KUSAMA INFINITY: There’s an amazing story in this life of Yayoi Kusama. She’s one of the most successful artists in the world, top 10 according to one source I consulted, #1 according to this film. She’s Japanese, was discouraged by her mother who ripped up her drawings, but was encouraged by Georgia O’Keeffe, to whom she dared to write a letter. On her advice she moved to New York and struggled to build a career with her intricately drawn pop art, her installations, a film and her activism against the Viet Nam War. 


The best she could do was inspire Andy Warhol and others to copy her ideas. Even a suicide attempt failed and she went back to Japan where she’s been in a mental institution for decades. But still producing art and finally getting recognition. In New York, according to one art critic seen in the film, she was “blatant, aggressive, overt.” Now she comes across as humble and thankful.  The film by American Heather Lenz shows a great deal of her work in sharp glorious color and inspires with her tenacity. “I just kept trying to create my own world,” she says. (VanCity Theatre) 4 out of 5

DISOBEDIENCE: We’ve seen gay stories before set in strict, conservative societies. Muslim for instance. This one is in an Orthodox Jewish community in London England and more subtly presented than usual. It’s not just local conventions at stake here but the religion’s deepest beliefs. They’re invoked right at the start when a respected rabbi talks about choosing between the angels and the beast in how you conduct your life. You have free will he says and then falls dead. His daughter (Rachel Weisz) rushes back from New York to where she had escaped sometime in the past, and an apparently tense atmosphere re-establishes. She’s been disowned; not even mentioned in his obituary and shunned by the community.

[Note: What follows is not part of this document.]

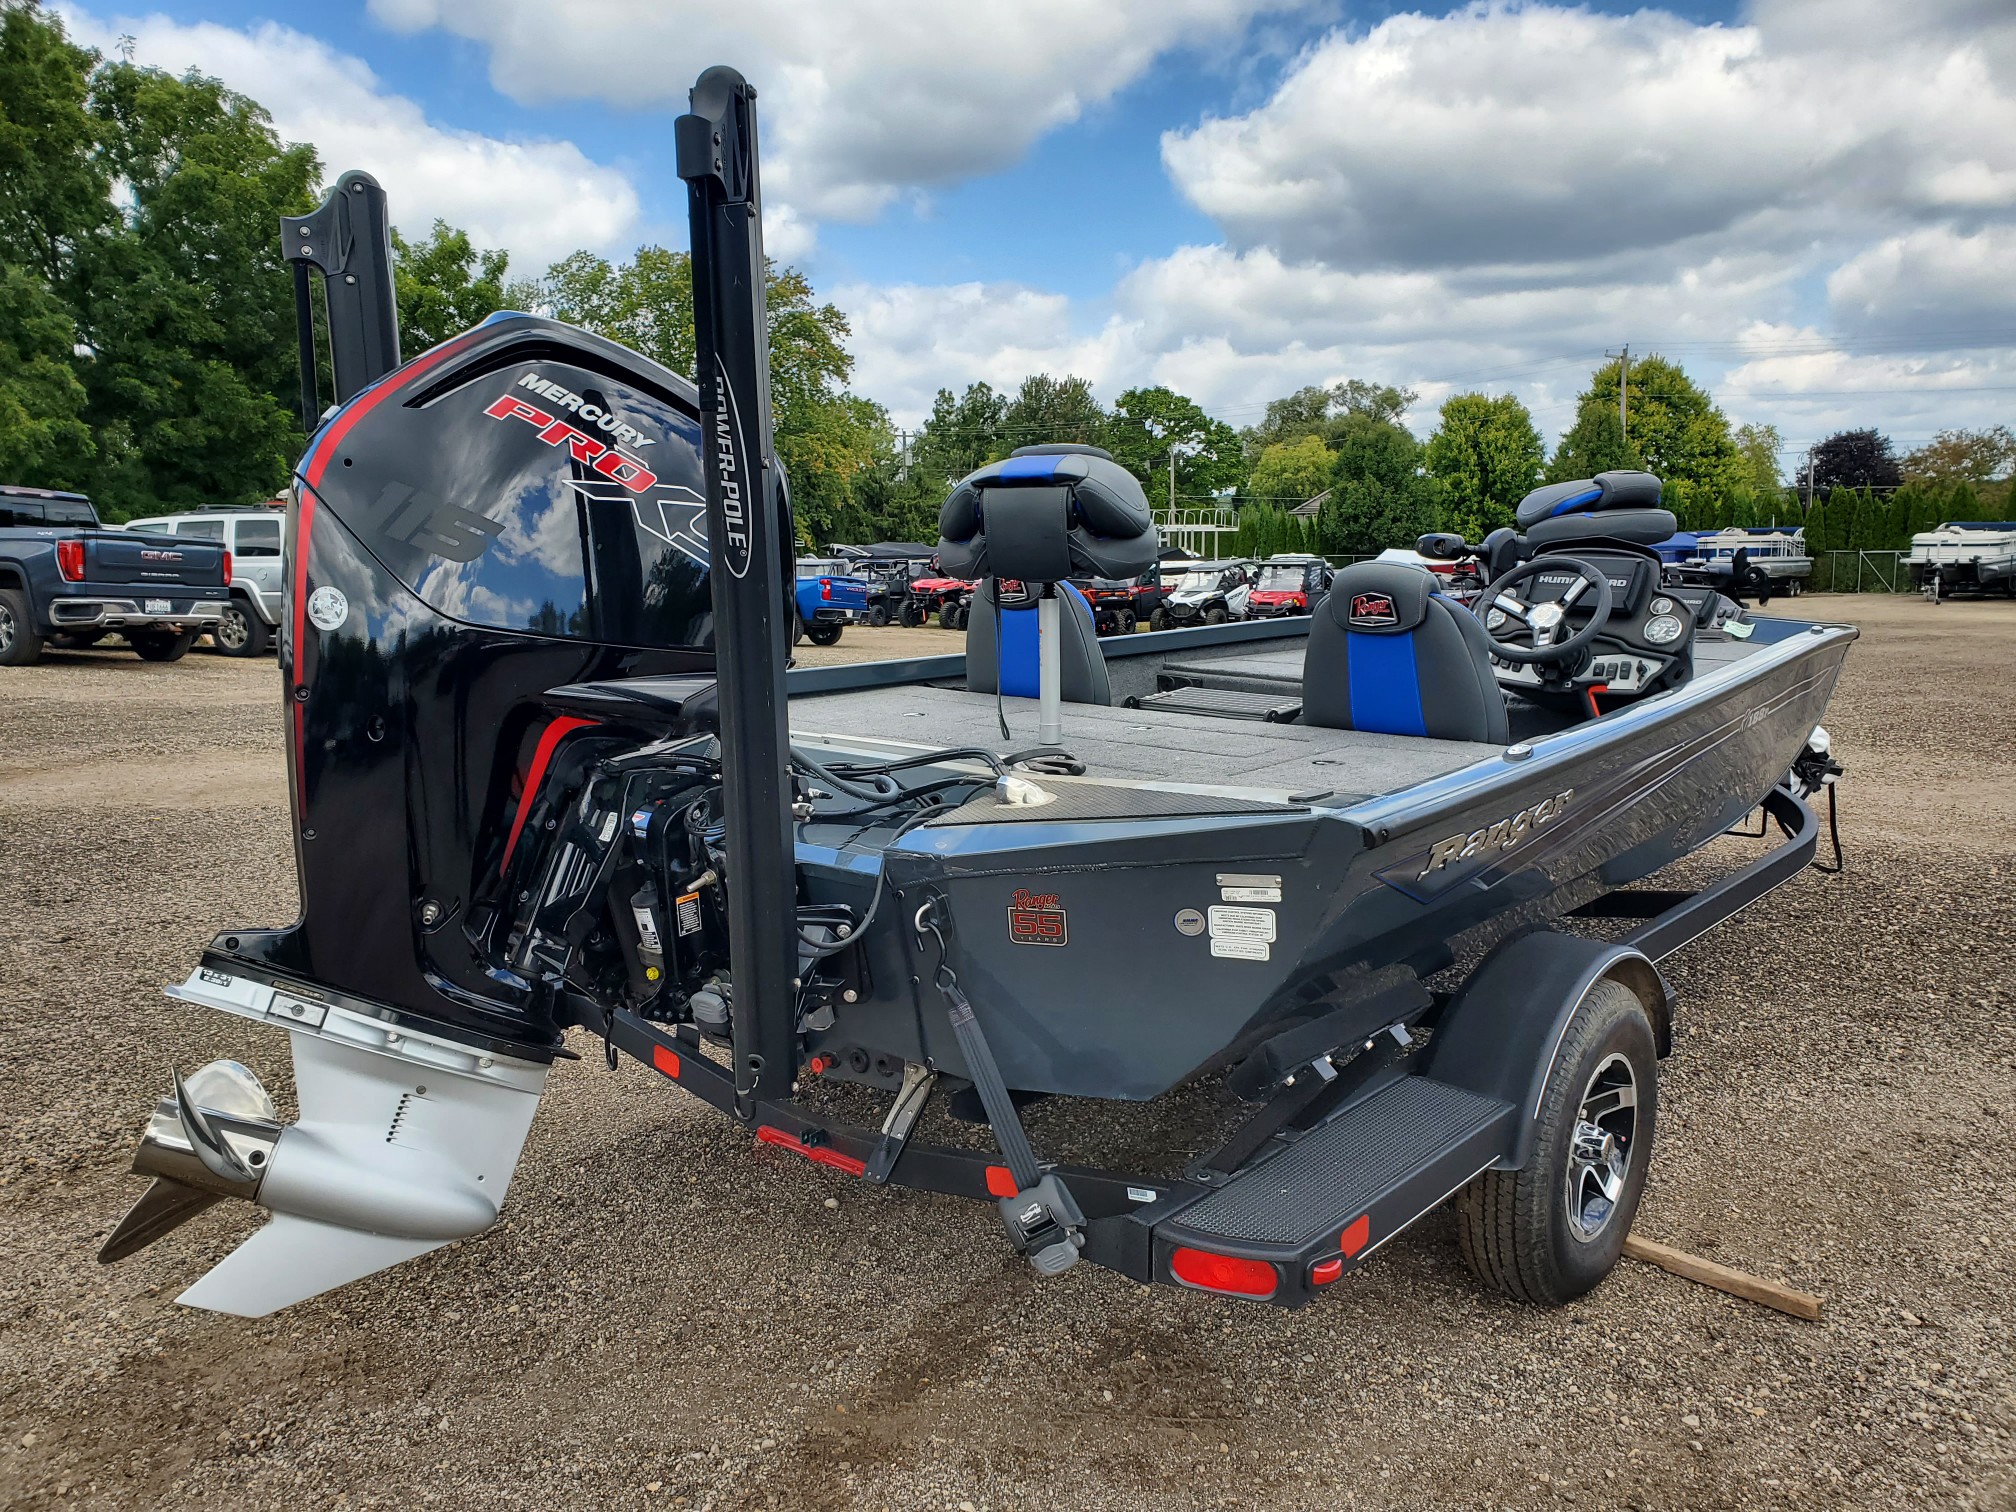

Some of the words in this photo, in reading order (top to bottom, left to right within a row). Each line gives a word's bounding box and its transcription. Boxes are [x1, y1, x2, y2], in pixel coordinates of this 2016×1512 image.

Not the rabbi’s protégé though (Alessandro Nivola) or his wife (Rachel McAdams) who let her stay with them. The three were long-time friends, and, we gradually sense, the two Rachels were lovers. They re-ignite that passion in a tentative kiss in an alley and then a hot hotel room tryst. That throws all the questions up for debate: who wanted this? Will it continue? Is the future rabbi insulted? What of his maxim that “Honor is the most important thing.” The rather somber film turns vibrant and Sebastian Lelio gets sharp but nuanced performances out of his three lead actors. It’s an English language debut for the Chilean director of the Oscar winner A Fantastic Woman. (International Village) 3 ½ out of 5  

VENUS: No, not the Peter O’Toole film from 12 years ago but a Canadian film from Montreal about a man on his way to becoming a woman having to deal with what life sends his way. He, played by New York actor Debargo Sanyal, says he feels he’s from out of this world, maybe from the planet of the title. He’s already dressing as a woman, is soon to start the hormone therapy and is visited one day by his past. A 14-year-old boy (Jamie Mayers) says he’s his son, conceived during a one-night stand and verified with a quick read of his mother’s diary.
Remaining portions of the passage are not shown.